00:00To create one of Austria's most iconic desserts, apple strudel, which is one of my favorite
00:13desserts. I'm glad. I love it too. Everybody loves apple strudel. And I think you are one
00:18of the masters of pulling strudel dough. I've been doing it for a long time. And so we're
00:24going to start with the dough. One and a half cups of unbleached bread flour, or 200 grams.
00:32Into the flour, you want a half teaspoon of fine sea salt. Good. And if you stir that in,
00:37I'm going to get the liquid ingredients ready, which are one large egg. So that's just going
00:44to go into a measuring cup and you'll see why in a second. Tablespoon of neutral vegetable
00:51oil. I like to use a nice organic cold-pressed safflower oil. That's good. It has a really
00:58mild flavor. And now we want to add warm water so that you get just to about two-thirds of
01:06a cup. And then whisk that together a little bit. That's enough. And then that goes right
01:13in. And first what we want to do is stir that all together. And then we can put it on the
01:19mixer and let the dough hook do the work of kneading it. We can put it on the mixer. Second
01:24speed is good. There we go. That's perfect. So that takes a while. I'm just going to put a drop
01:34of oil in the bowl. The equivalent of about a quarter of a teaspoon. I'd love to show the
01:41alternative method to mixing it by machine, which is pounding the dough against the table. Well, that would
01:47be great. So let's take that dough out of the mixer. And I'll show that very quickly. And then we can move
01:54to our dough that's already made. So if you don't have a mixer, you do what we did initially, which is
02:01to stir everything together. A little bit of flour on the work surface. And then it's a whack and fold
02:09and turn. See, I'm pressing it down, I'm folding it, and then I'm grabbing it from the side. And you do that
02:17approximately a hundred times. You have good hands for this. Which sounds like, yeah, and a little experience.
02:24And that's enough? When it's ready, into the bowl, press it down so that the oil gets on top,
02:31and then cover it. Good. Just leave it at room temperature. For how long? At least an hour or two,
02:38even overnight. Okay. Next, we're going to make the filling. I like to make a cooked apple filling.
02:44This is a Golden Delicious apple. It has kind of a hard texture. Right. So for the filling, a little bit
02:51of water goes into a pan. And this kind of enameled iron casserole is exactly what I like to use.

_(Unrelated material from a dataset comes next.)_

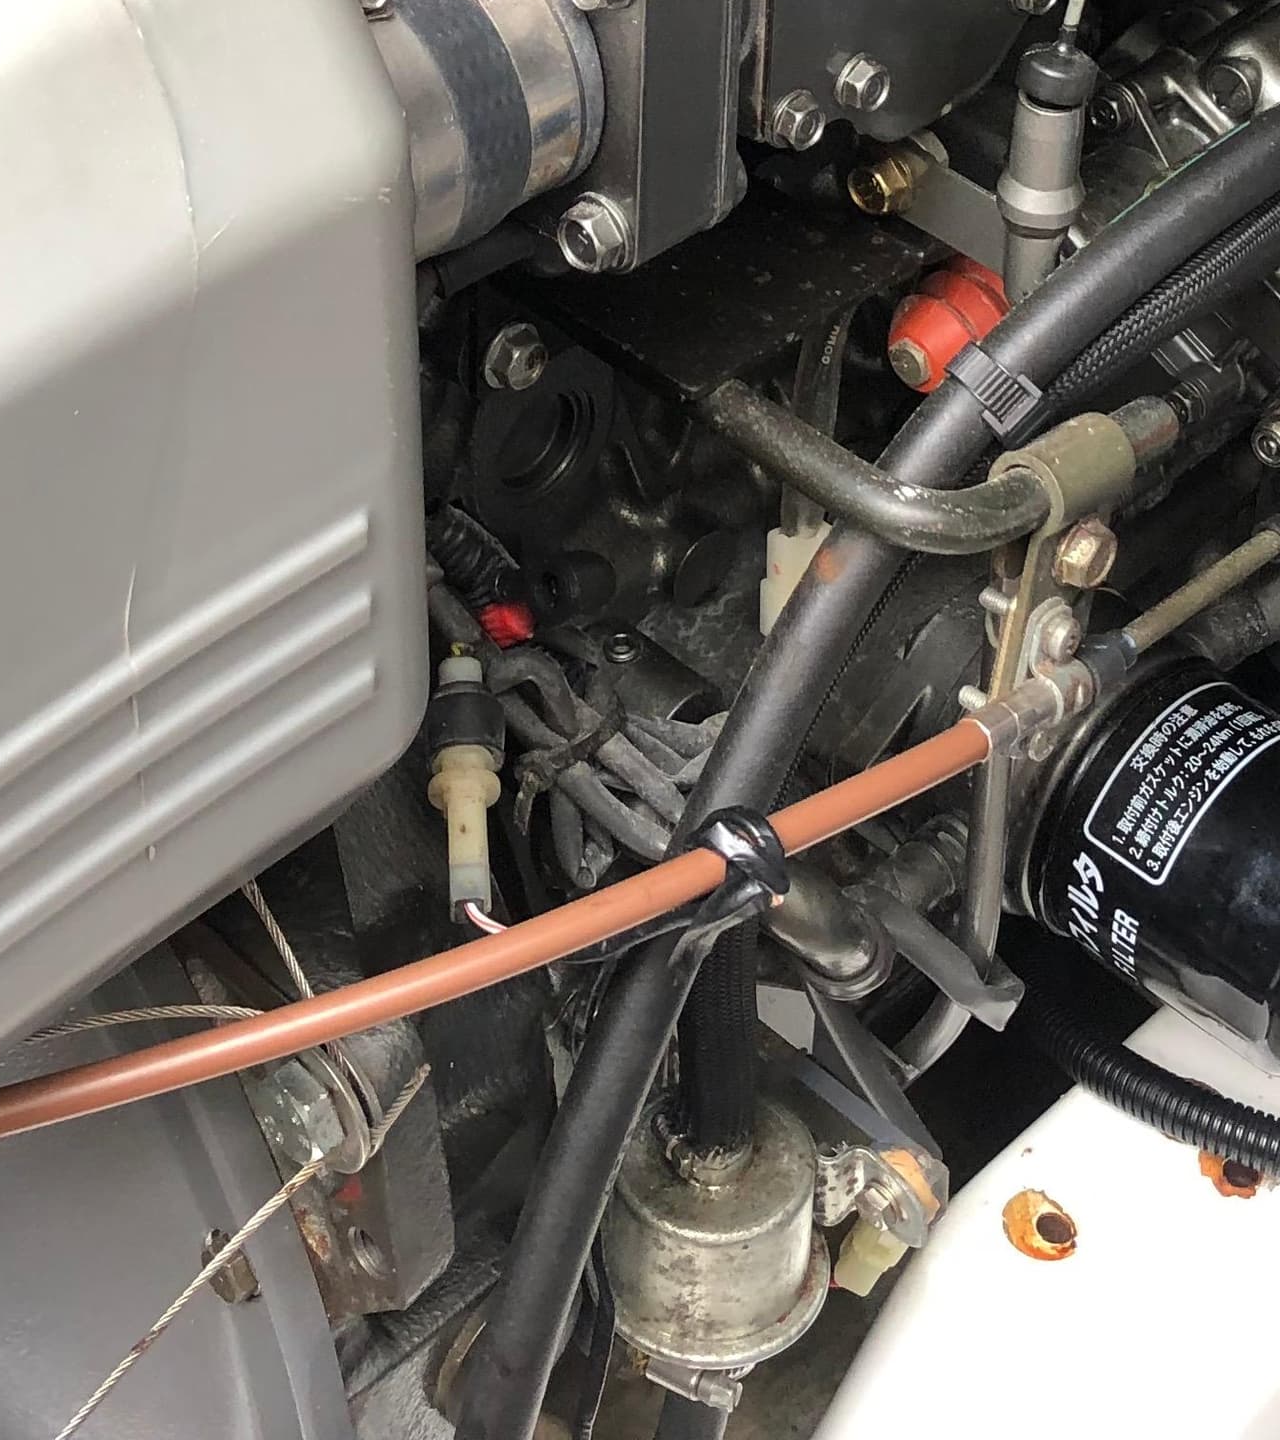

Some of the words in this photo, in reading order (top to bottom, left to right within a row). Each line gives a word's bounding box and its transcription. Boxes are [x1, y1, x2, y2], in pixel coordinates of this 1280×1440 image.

[1129, 703, 1199, 773] 交換時の注意
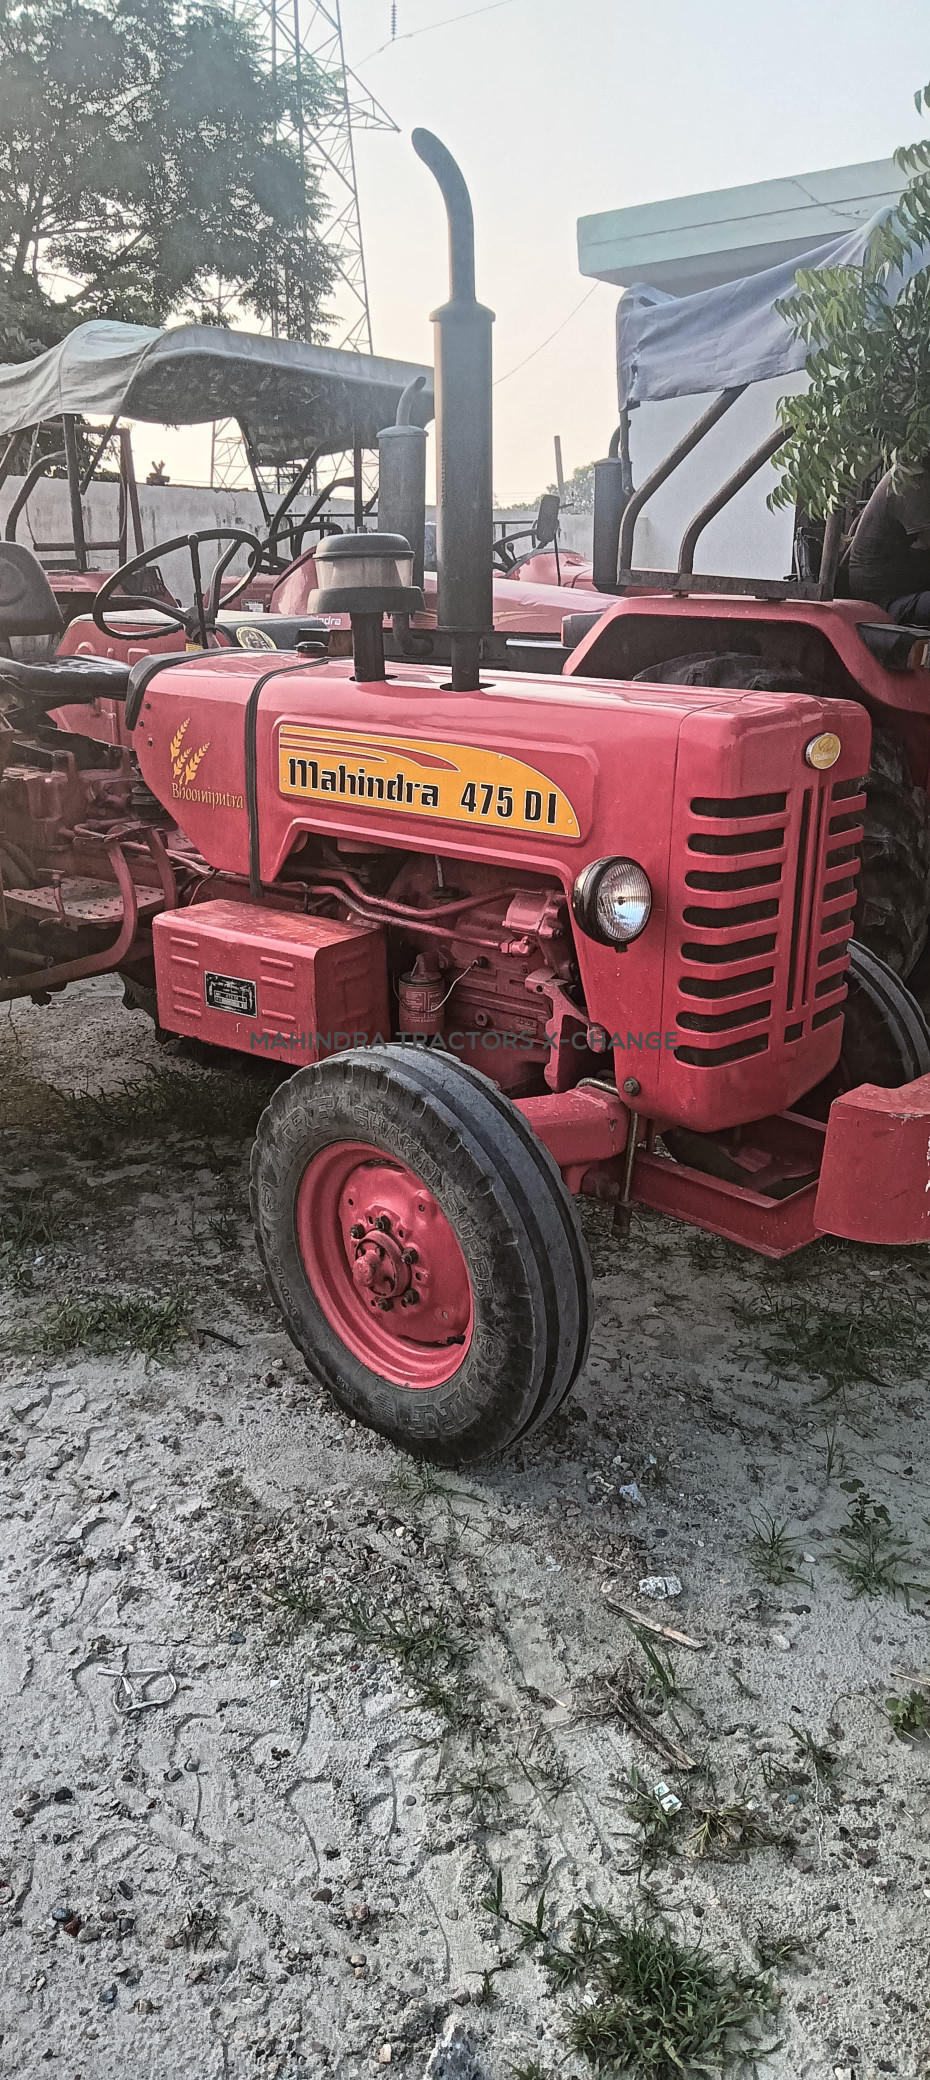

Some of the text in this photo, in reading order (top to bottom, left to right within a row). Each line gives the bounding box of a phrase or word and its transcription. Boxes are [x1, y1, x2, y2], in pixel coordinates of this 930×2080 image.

02:59The apples go in. And we've got, I think, half a cup of sugar. I'll give you that. Yeah. And that can
03:05go right on top. A half a cup of raisins. Right. And the raisins go in right away. Golden raisins.
03:11Either. Or currants, even. And a little bit of cinnamon. Now, my recipe calls for half a teaspoon.
03:17I always like to put more. I like cinnamon with the apples. These need to start to cook until you can
03:24hear them sizzle. Once they're sizzling, I cover them. I lower the heat and I wait about 10 minutes
03:32at the point where you take off the cover and you see the apples swimming in water. Leave the cover
03:38off. Lower the heat and then just let it reduce to the point where there isn't any more liquid left
03:45in the pan. And you just have the apples. And the whole thing takes about 20-25 minutes.
03:51It really does evaporate. And the color is great. Good. Walnuts. Right in. Three quarters of a cup
03:58of chopped walnuts. Right. They should be coarsely chopped. And then tilt the pan. And,
04:05you know, as long as that cools down to room temperature, we're going to be fine. It doesn't
04:11need to be ice cold. So that's the apple filling. As soon as it's cool to the touch, we can stretch
04:18the dough. Excellent. There's an old wives' tale that a man will not marry a woman if he cannot read
04:24his newspaper through her stretched strudel dough. Interesting. Yes. So I will not marry you,
04:31Nick, unless your strudel dough is thin enough. Here, this is ingenious. One of your crop people
04:39sewed two flour sacks together. Good. So what I'm going to do is put an abundant amount of flour on
04:48here. Okay. So that's the rested dough. So I always like to pat it out into a pancake. Doesn't matter if
04:56the cloth is moving a little bit. First of all, a little flour on top. And then I like to roll out
05:04the dough as thinly as I can roll it. Once that's rolled out, a little oil on the surface of the
05:12dough. Now what this does is it prevents the surface of the dough from drying out while you're stretching
05:19it. Okay. This is the way to stretch the dough. Fists underneath it. So we start in the center. And cut
05:26your nails, ladies. Yes. No dagger nails, right? Right. So you start in the center. And where the dough
05:35stretches and becomes thinner, it becomes lighter in color. Now what if it gets a hole? Heaven forbid.
05:41If it gets a hole, your job is to not tell anybody.
05:49How beautiful. Okay. Now what I like to do,
05:53we can both pull sideways. This is fabulous. Yeah. And what I like to do here is anchor the dough
06:01over the edges. A little hole there. A little hole there. But you see, you violated the pact,
06:09Martha. You're not supposed to say anything. If there's a hole, then nobody knows. True.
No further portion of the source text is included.